Even when things don’t sound very hopeful—know that I’m well beyond the conversation of hopeful or not. It’s the conversation of what’s next for today.

Lindsay says she is tired of taking pills. She is tired of being tired—and she feels very fatigued. One of her drugs makes her throw up everyday, and they haven’t yet landed on something to prevent that. Yet through all this, Lindsay says “I’ve got to do what I’ve got to do. I’m not done with this life yet!”

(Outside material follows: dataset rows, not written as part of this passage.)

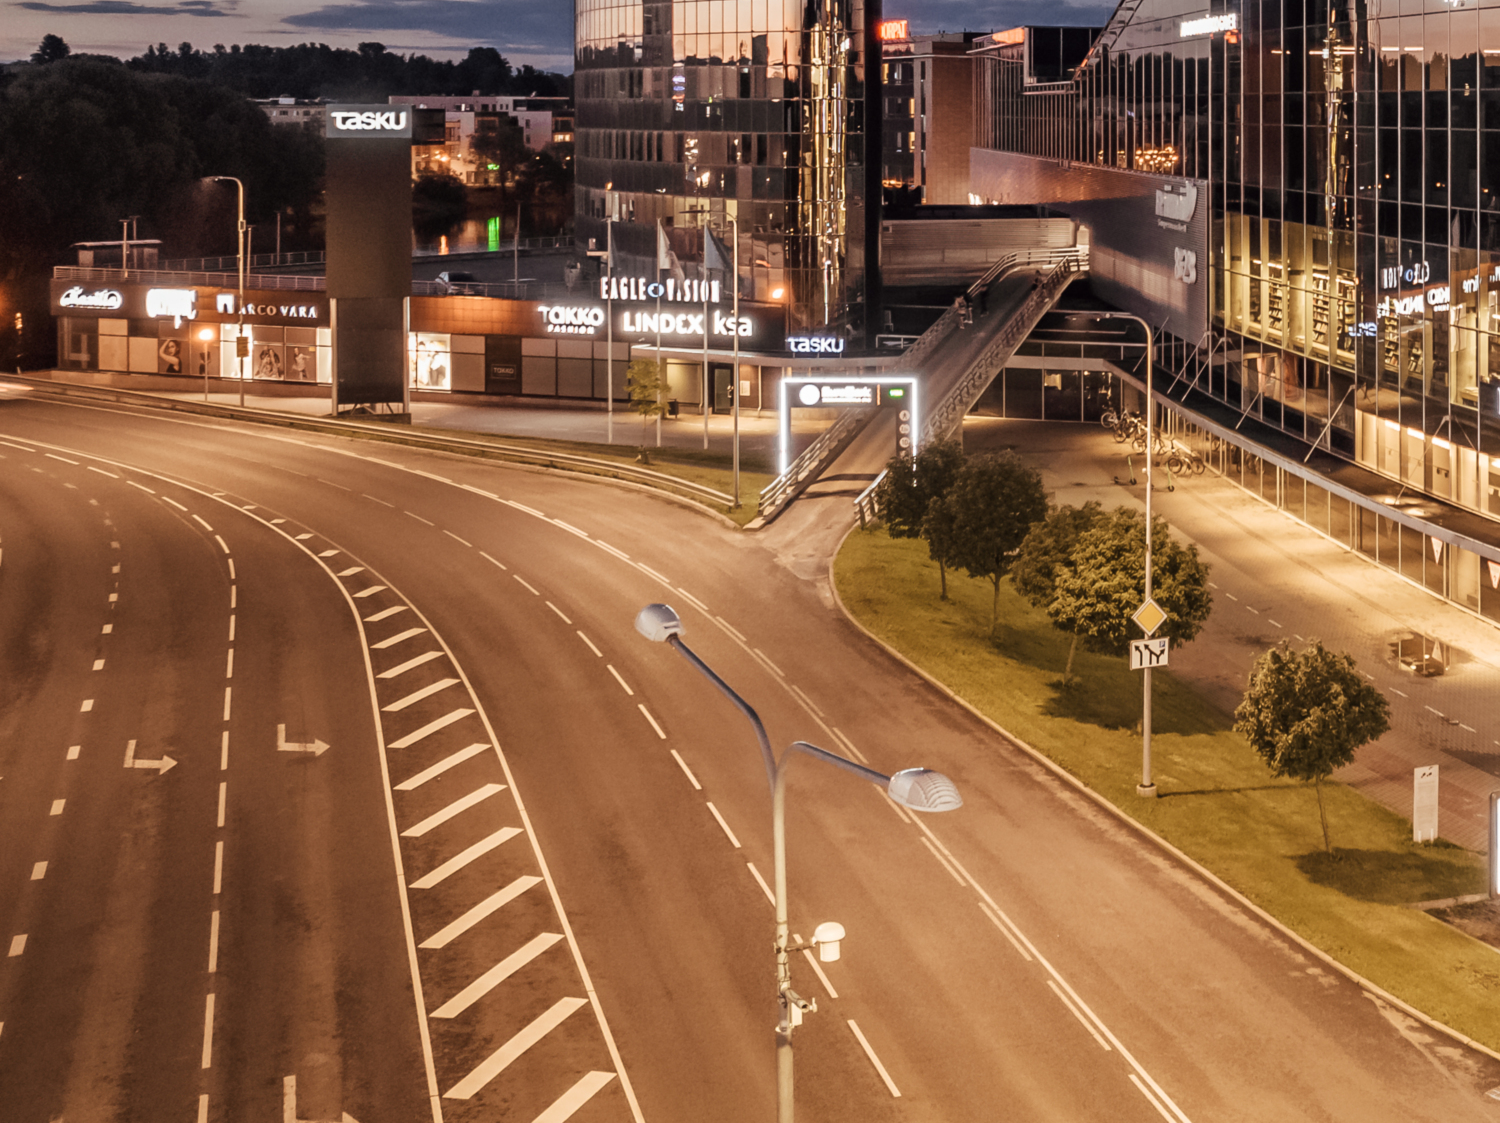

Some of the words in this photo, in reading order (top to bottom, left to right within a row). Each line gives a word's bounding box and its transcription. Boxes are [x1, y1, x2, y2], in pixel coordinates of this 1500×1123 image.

[880, 20, 908, 40] ORPAT
[600, 276, 646, 301] EAGLE
[666, 278, 720, 303] VISION
[280, 305, 317, 319] VARA
[547, 324, 595, 335] FASHION
[623, 311, 704, 335] LINDEX

Lindsay told me, “I want you to update my story: When BCCT readers see this part of the story, they will think I’m crawling along the ground. I’m not. I’m still vibrant, like when you saw me last [which was enjoying a Celtic music concert]. So, even when things don’t sound very hopeful—know that I’m well beyond the conversation of hopeful or not. It’s the conversation of what’s next for today. “ 

Lindsay, who describes herself as “more of a rebel than a pleaser” is not only rebelling against the “you can’t do this” and finding her own way each day with the challenges of metastatic cancer. She is also asking “what matters now” and finding these answers:

 I focus on the things I really like—the people I really like.

“I just don’t think about it [cancer] all the time. I find joy where I can. My son is home this summer, and he and his girlfriend hang out a bit. That’s fun. I guess I focus on the things I really like—the people I really like. I also spend a lot of time by myself, trying to get my energy together. So I’ve become a bit reclusive—I’m not unhappy with that.”

“I’ve been doing some good vacation travel. I went to a resort in Mexico—it was quiet. I plan to do that several times a year." 

“I’m working with a ghost writer on a book. It’s about stories of real people living with cancer. I think it’s going to be an interesting and helpful book.” 

Find the things you need—pay attention to it—try to maximize it. You don’t have enough energy to waste.

Lindsay’s words danced between advice for herself and what others in similar situations might want to consider:

“Find the things you need—pay attention to it—try to maximize it. You don’t have enough energy to waste.”

To physicians and practitioners she would nudge:

“Be aware of how cavalier it may sound to us [patients] when you tell us to do this treatment, or follow this diet, or practice this technique . . . understand what you are asking of us and how difficult it may be to do or how misleading it may be to imply that this will give us control, this will prevent or stop the cancer.” She then muses: “I wish all doctors could go through what they ask patients to do. . . . I know of one who ‘always did the right thing’ and still got cancer and she was ready to give up way too early in the game. . . I had to tell her to get a hold of herself and realize she can do this!”

We don’t have control—if you didn’t find it out the first time, you will the second time!

Before Lindsay had to interrupt our conversation to catch a cab, she said “We don’t have control—if you didn’t find it out the first time, you will the second time!” 

I can only imagine her getting in the cab and the driver asking “Where to?” and laughing at what a loaded question that is for a person who travels in the land of heart and soul and who no longer has patience for inconveniences being misconstrued as problems.